**DATA PROVIDED**
########

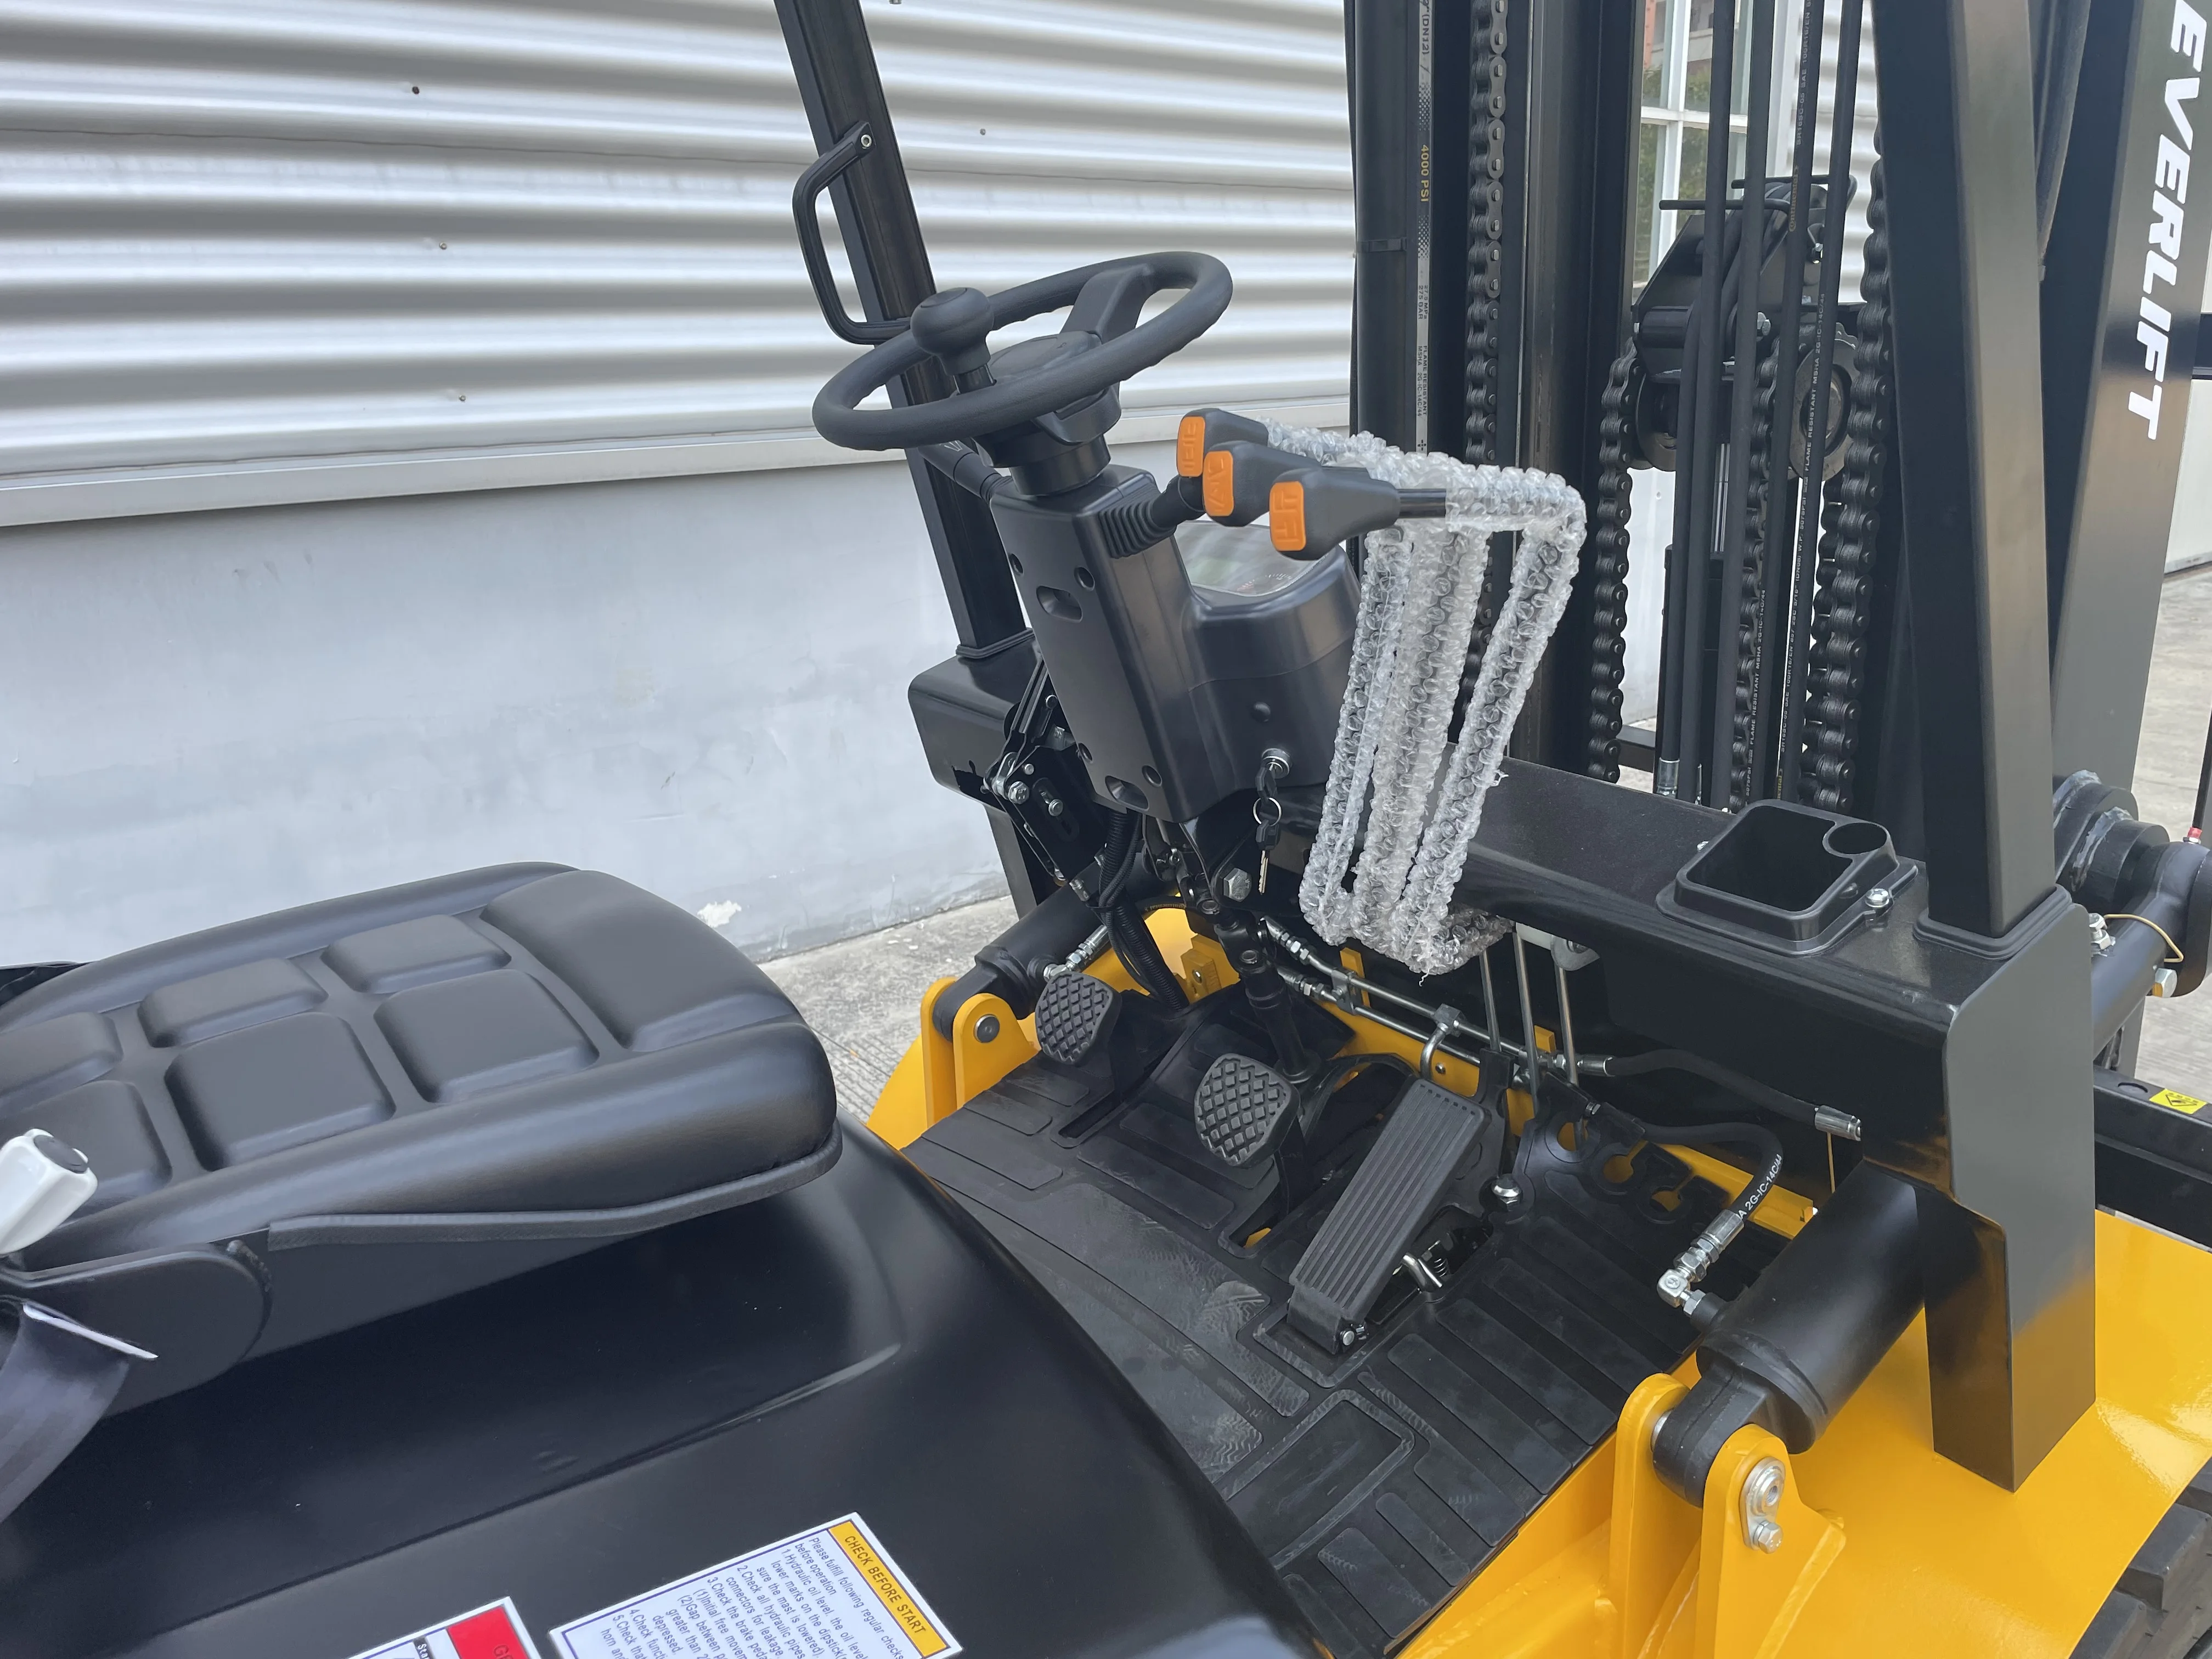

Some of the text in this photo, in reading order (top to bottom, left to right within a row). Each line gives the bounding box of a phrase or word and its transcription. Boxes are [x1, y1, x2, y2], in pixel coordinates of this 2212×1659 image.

[1420, 144, 1429, 202] 4000 PSI
[2128, 0, 2207, 441] EVERLIFT
[1808, 388, 1816, 438] RESISTANT
[1745, 1154, 1782, 1211] 2G-IC-14C/44
[757, 1567, 771, 1582] sure
[768, 1582, 781, 1596] the
[777, 1598, 795, 1616] mast
[791, 1614, 800, 1624] is
[770, 1560, 789, 1582] lower
[785, 1581, 804, 1602] marks
[800, 1604, 812, 1614] on
[809, 1613, 822, 1627] the
[794, 1543, 837, 1595] before operation
[844, 1536, 927, 1634] CHECK BEFORE START
[715, 1617, 729, 1634] free
[726, 1577, 755, 1613] connectors
[752, 1615, 764, 1627] for
[726, 1606, 740, 1620] the
[735, 1620, 754, 1642] brake
[757, 1594, 771, 1606] all
[764, 1604, 791, 1638] hydraulic
[785, 1636, 805, 1659] pipes
[808, 1586, 819, 1597] oil
[830, 1617, 843, 1632] the
[840, 1631, 854, 1644] oil
[809, 1537, 904, 1659] Please fulfill following regular checks
[600, 1628, 616, 1646] horn
[665, 1609, 690, 1640] greater
[685, 1635, 701, 1654] than
[696, 1620, 720, 1652] between

########

**INSTRUCTIONS FOR THE TASK**
Retype the records above exactly. Leave the pictures out.

**ANSWER BOX**
Some of the text in this photo, in reading order (top to bottom, left to right within a row). Each line gives the bounding box of a phrase or word and its transcription. Boxes are [x1, y1, x2, y2], in pixel coordinates of this 2212×1659 image.

[1420, 144, 1429, 202] 4000 PSI
[2128, 0, 2207, 441] EVERLIFT
[1808, 388, 1816, 438] RESISTANT
[1745, 1154, 1782, 1211] 2G-IC-14C/44
[757, 1567, 771, 1582] sure
[768, 1582, 781, 1596] the
[777, 1598, 795, 1616] mast
[791, 1614, 800, 1624] is
[770, 1560, 789, 1582] lower
[785, 1581, 804, 1602] marks
[800, 1604, 812, 1614] on
[809, 1613, 822, 1627] the
[794, 1543, 837, 1595] before operation
[844, 1536, 927, 1634] CHECK BEFORE START
[715, 1617, 729, 1634] free
[726, 1577, 755, 1613] connectors
[752, 1615, 764, 1627] for
[726, 1606, 740, 1620] the
[735, 1620, 754, 1642] brake
[757, 1594, 771, 1606] all
[764, 1604, 791, 1638] hydraulic
[785, 1636, 805, 1659] pipes
[808, 1586, 819, 1597] oil
[830, 1617, 843, 1632] the
[840, 1631, 854, 1644] oil
[809, 1537, 904, 1659] Please fulfill following regular checks
[600, 1628, 616, 1646] horn
[665, 1609, 690, 1640] greater
[685, 1635, 701, 1654] than
[696, 1620, 720, 1652] between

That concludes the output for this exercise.